Sports Team Demands to Be Rewarded for Losing

The 76ers’ Henry Sims makes a terrible mistake by scoring a basket.

Photo by Howard Smith/USA Today Sports

The worse an NBA team is, under the league’s current player-draft system, the better chance it has of being given one of the top picks in the draft. The theory goes that the worst teams need the most help, so they should get the best new players. There’s a flaw in this system, though: Some teams have realized that it could be a good strategy to be as bad as possible for an extended period rather than maintaining a perpetual state of midlevel competitiveness. This intentional bottoming-out, or “tanking,” for top draft picks is bad for the NBA, which was embarrassed last year as a number of different teams appeared to be purposefully fielding extremely low-quality rosters.

As a result, the NBA is trying to change the draft system so it doesn’t reward bad teams quite as much for being bad.

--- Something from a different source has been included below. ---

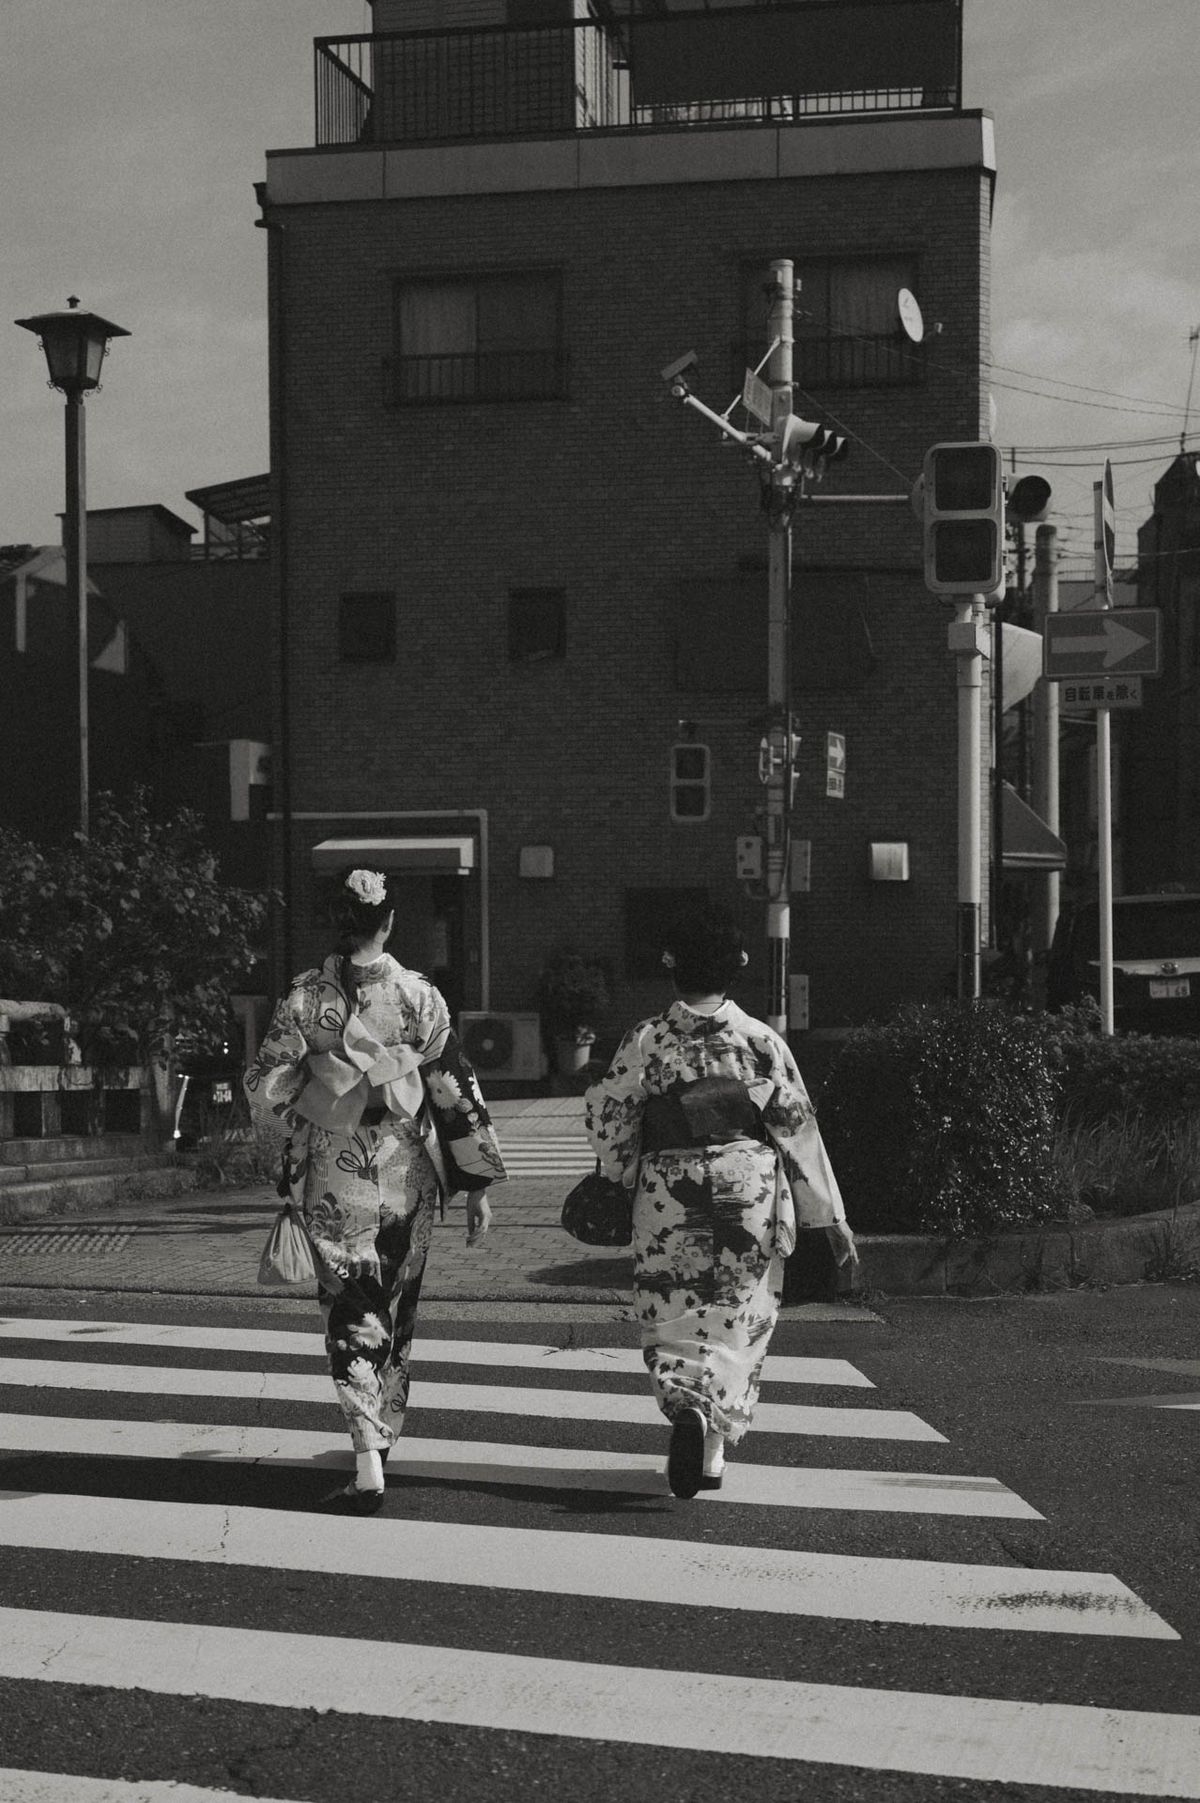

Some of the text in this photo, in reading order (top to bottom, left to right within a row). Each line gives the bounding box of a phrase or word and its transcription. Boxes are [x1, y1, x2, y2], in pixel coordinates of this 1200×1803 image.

There’s one hangup, ESPN reports: the Philadelphia 76ers, who say the NBA’s proposed changes would unfairly undermine their team’s ongoing plan to lose as many games as possible next season:

The rough draft of this plan was met with opposition by 76ers management, which is in the midst of a multiseason rebuilding project that is dependent on a high pick next year. The 76ers, sources said, are hoping to get the NBA to delay the plan’s implementation for at least a year because it would act as a de facto punishment while just playing by the rules that have been in place.

The 76ers, however, may struggle to gain support from Silver or fellow teams for holding off on the changes. Philadelphia’s planned sink to the bottom has caused a drag on revenues in one of the league’s largest markets and has upset some other teams, sources said.

While there will (hopefully) be a long-term payoff to the Sixers’ strategy regardless of what the NBA decides, now is definitely not a great time to be one of the team’s many … er … several fans.

Courtesy of CSN via Philadelphia Magazine

That’s from a February game in which Philadelphia lost by 20 points at home to the second-worst team in the league. Let’s go Sixers!